LONDON, July 4 (Reuters) – Copper fell to a fresh nine-month low on Wednesday ahead of the implementation of trade tariffs on goods from China and the United States which could dampen demand for the industrial metal. Benchmark copper on the London Metal Exchange slipped 0.5 percent to $6,456 per tonne by 1051 GMT, its weakest since September 2017. “(U.S. President Donald) Trump is not fostering global trade,” said Julius Baer analyst Carsten Menke. “There is scrutiny about the export side of the market in terms of copper-containing household goods or electronics being shipped out of China and we believe that will stay with us at least until U.S. mid-term elections in November.” Washington has said it would implement tariffs on $34 billion of Chinese imports on July 6, and Beijing has vowed to retaliate in kind on the same day.

TRADE: China’s threatened tariffs on $34 billion of U.S. goods will take effect from the beginning of the day on July 6, a person with knowledge of the plan told Reuters, amid worsening trade tensions between the world’s two largest economies.

EUROPEAN UNION: China is putting pressure on the European Union to issue a strong joint statement against President Donald Trump’s trade policies at a summit later this month but is facing resistance, European officials said.

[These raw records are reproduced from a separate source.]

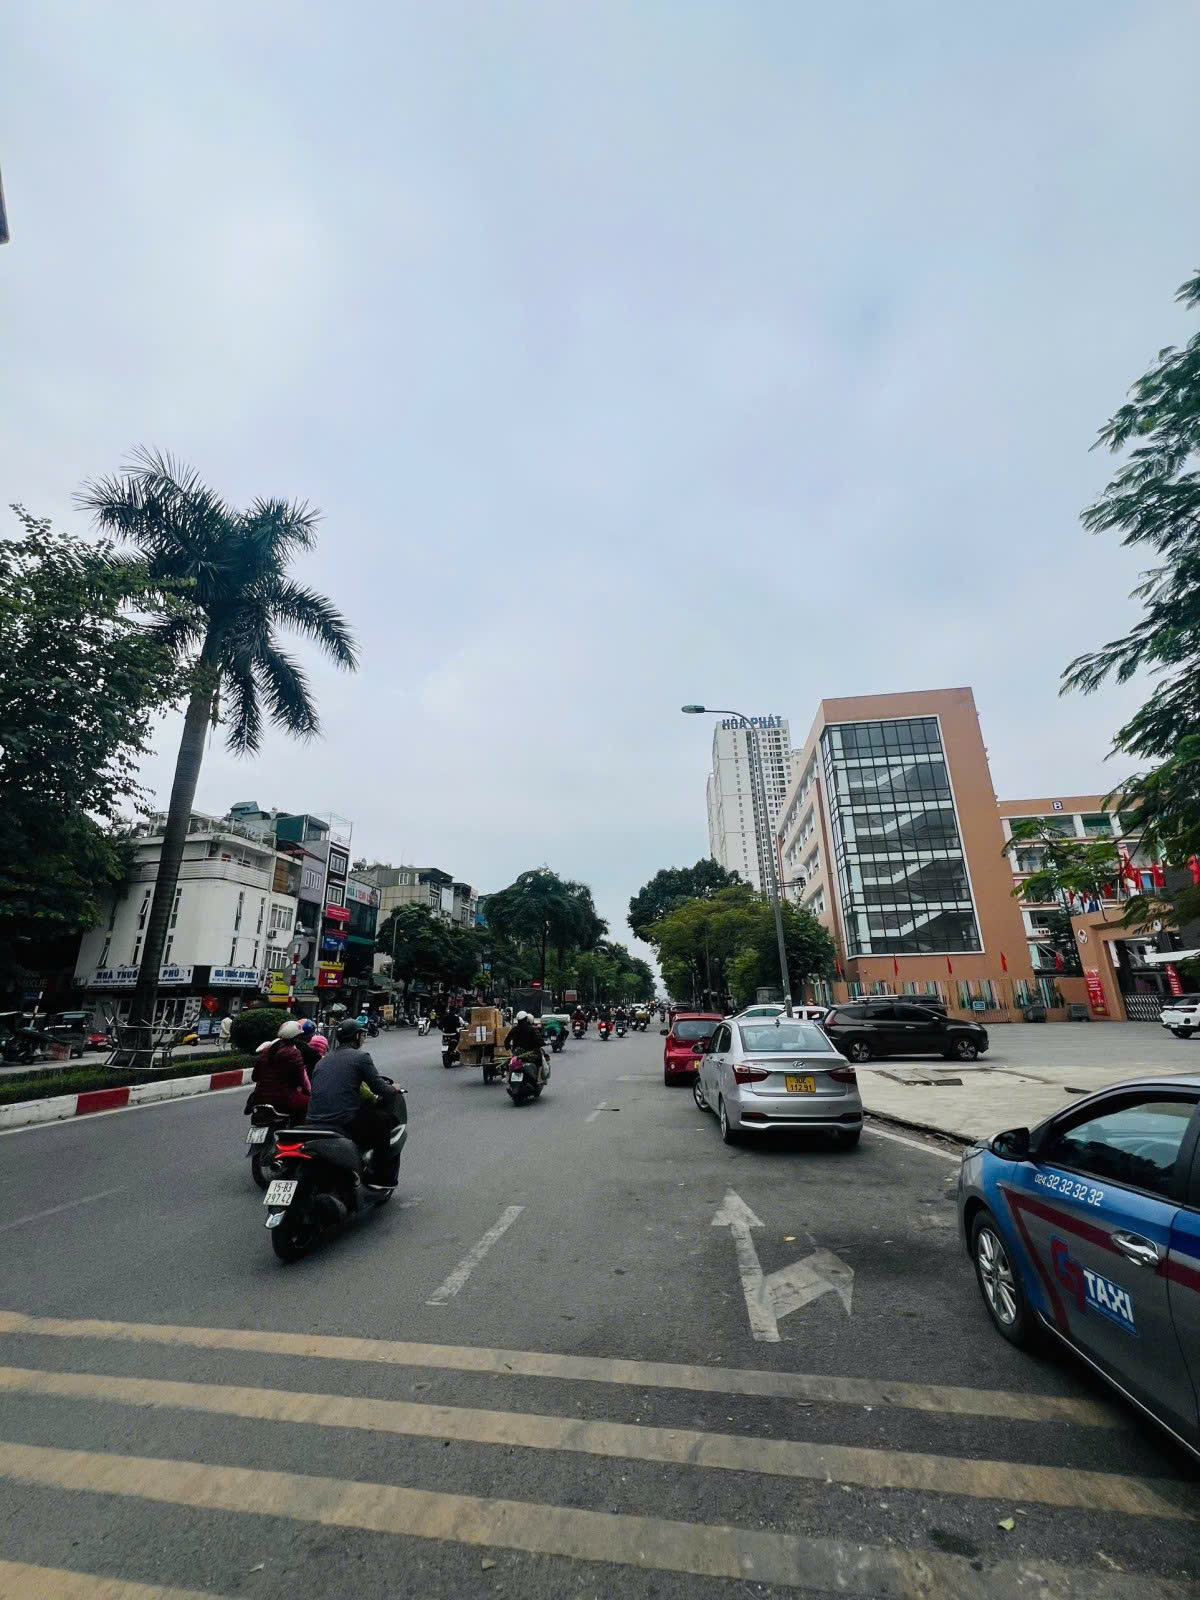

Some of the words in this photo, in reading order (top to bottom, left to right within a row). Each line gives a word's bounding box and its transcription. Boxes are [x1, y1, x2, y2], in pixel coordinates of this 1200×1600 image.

[722, 716, 747, 730] HÒA
[750, 714, 781, 729] PHÁT
[1052, 800, 1064, 811] B
[117, 968, 139, 979] THUỐ
[1059, 1179, 1074, 1195] 32
[1072, 1183, 1088, 1201] 32
[1087, 1188, 1105, 1207] 32
[1083, 1269, 1135, 1324] TAXI

FREEPORT: Indonesia has extended a temporary operating permit for Freeport McMoRan Inc’s Grasberg project, the world’s second-biggest copper mine, until the end of the month while discussions continue over long-term rights.

CODELCO: Workers at Codelco’s Chuquicamata copper mine in Chile, the state miner’s second largest by output, threatened last week to strike over plans to transform the century-old open pit into an underground mine.

CHINA DATA: Growth in China’s services sector accelerated in June to a four-month high, buoyed by a pickup in new businesses and a sustained increase in employment, a private survey showed.

ZINC, NICKEL: Zinc dropped 1.6 percent to $2,744 a tonne, having touched its lowest since July 2017, and nickel hit a seven-week low of $14,160.

WARRANTS: Traders are also watching a large holding, between 40 and 59 percent, of zinc warrants on the LME. It has fuelled worries about a shortage on the LME market and led to a premium for the cash contract over the three-month.

GLENCORE: U.S. authorities have demanded Glencore hand over documents about its business in the Democratic Republic of Congo, Venezuela and Nigeria as part of a corruption probe, sending the mining company’s shares down more than 8 percent.